■ What to work on ■
All entries are to be reproduced exactly; the pictures are to be omitted.

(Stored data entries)
>>>
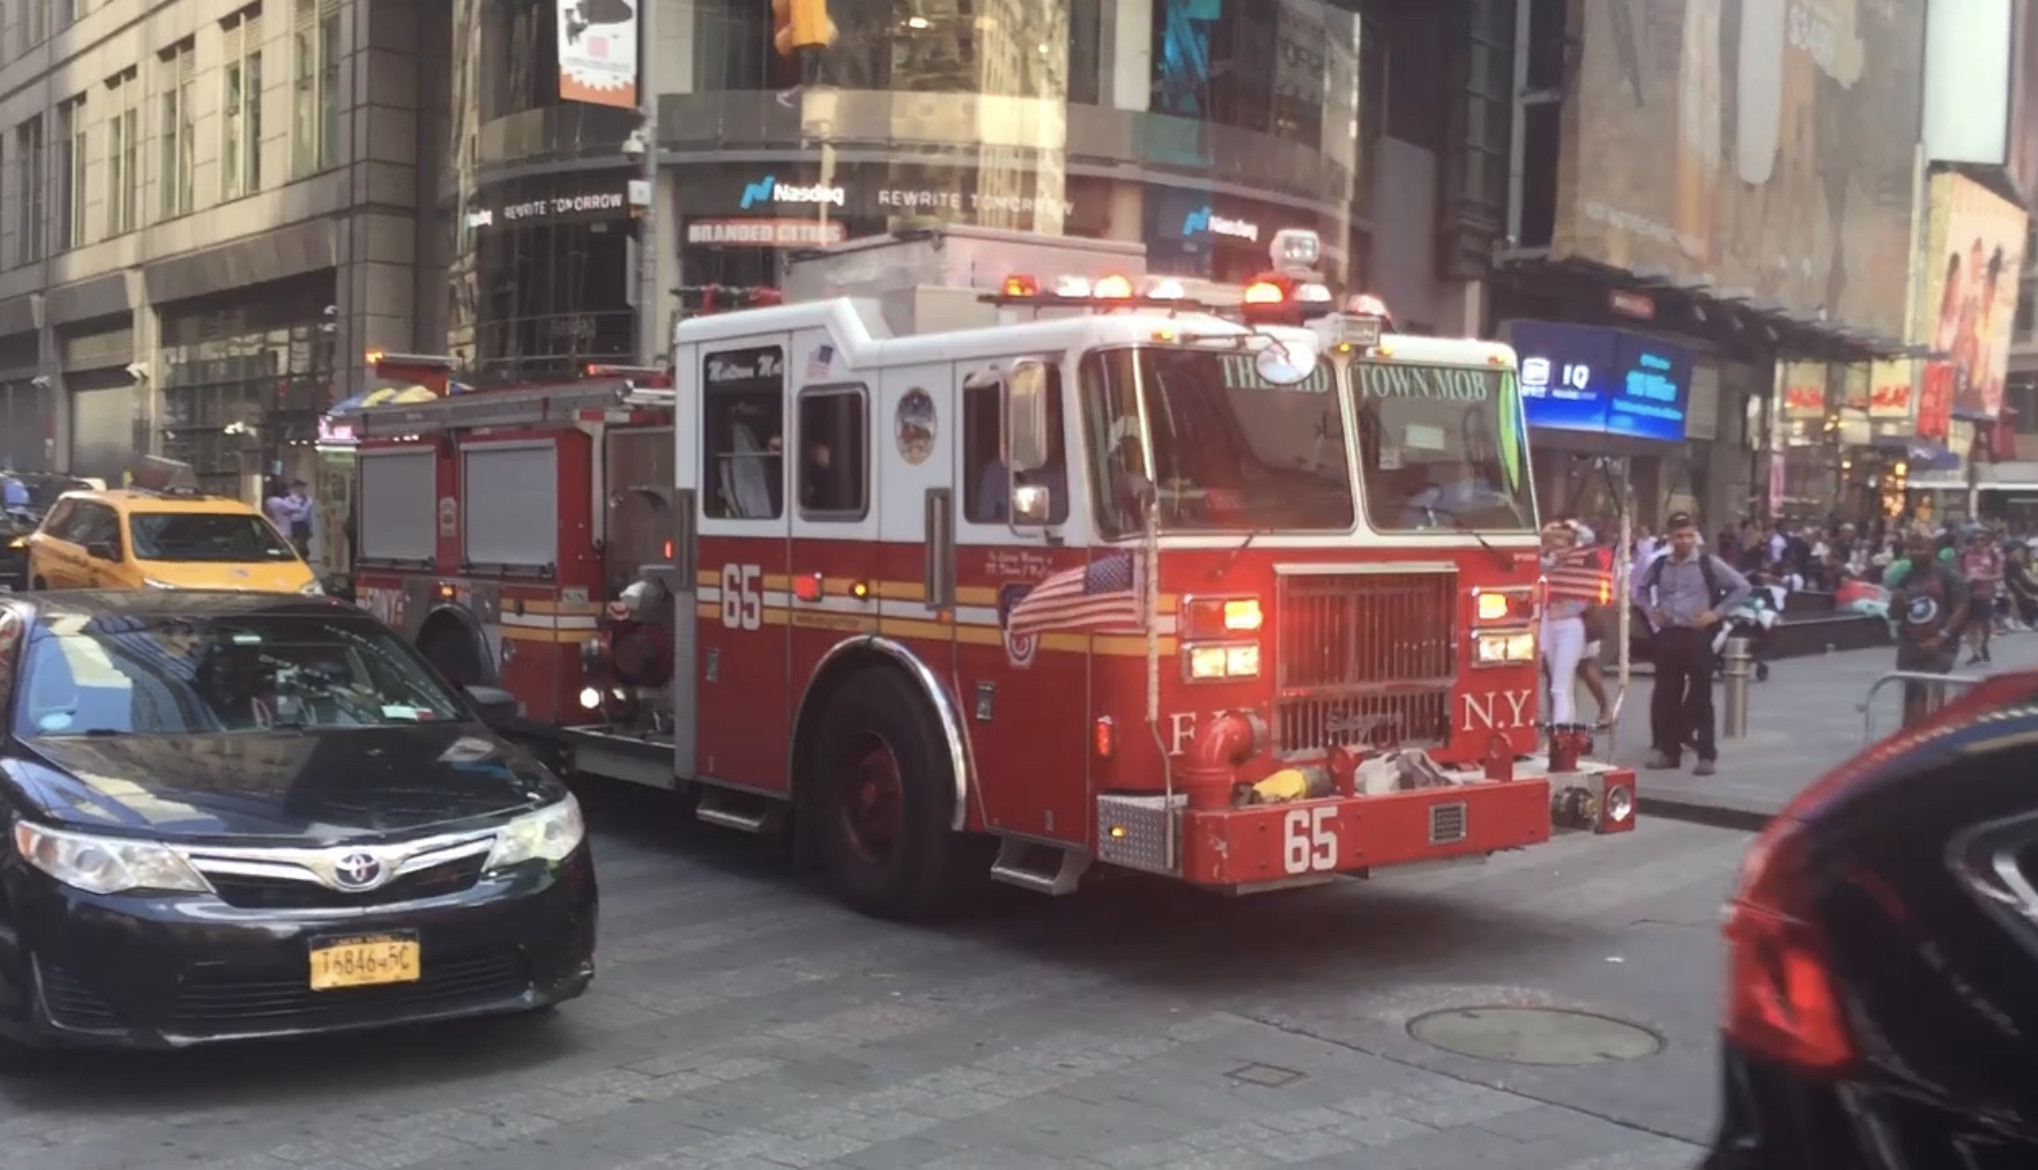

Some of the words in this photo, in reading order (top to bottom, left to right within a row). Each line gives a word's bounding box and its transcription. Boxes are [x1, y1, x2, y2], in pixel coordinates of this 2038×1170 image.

[774, 183, 844, 207] Nasdaq
[878, 189, 962, 209] REWRITE
[970, 194, 1075, 216] TOMORW
[688, 224, 773, 243] BRANDED
[1208, 216, 1258, 242] Nasdaq
[1216, 353, 1275, 389] TH
[1355, 364, 1429, 398] TOWN
[1433, 367, 1487, 401] MOB
[722, 563, 761, 631] 65
[1461, 689, 1535, 732] N.Y.
[1284, 806, 1338, 874] 65
<<<
■ Exercise output ■
Some of the words in this photo, in reading order (top to bottom, left to right within a row). Each line gives a word's bounding box and its transcription. Boxes are [x1, y1, x2, y2], in pixel coordinates of this 2038×1170 image.

[774, 183, 844, 207] Nasdaq
[878, 189, 962, 209] REWRITE
[970, 194, 1075, 216] TOMORW
[688, 224, 773, 243] BRANDED
[1208, 216, 1258, 242] Nasdaq
[1216, 353, 1275, 389] TH
[1355, 364, 1429, 398] TOWN
[1433, 367, 1487, 401] MOB
[722, 563, 761, 631] 65
[1461, 689, 1535, 732] N.Y.
[1284, 806, 1338, 874] 65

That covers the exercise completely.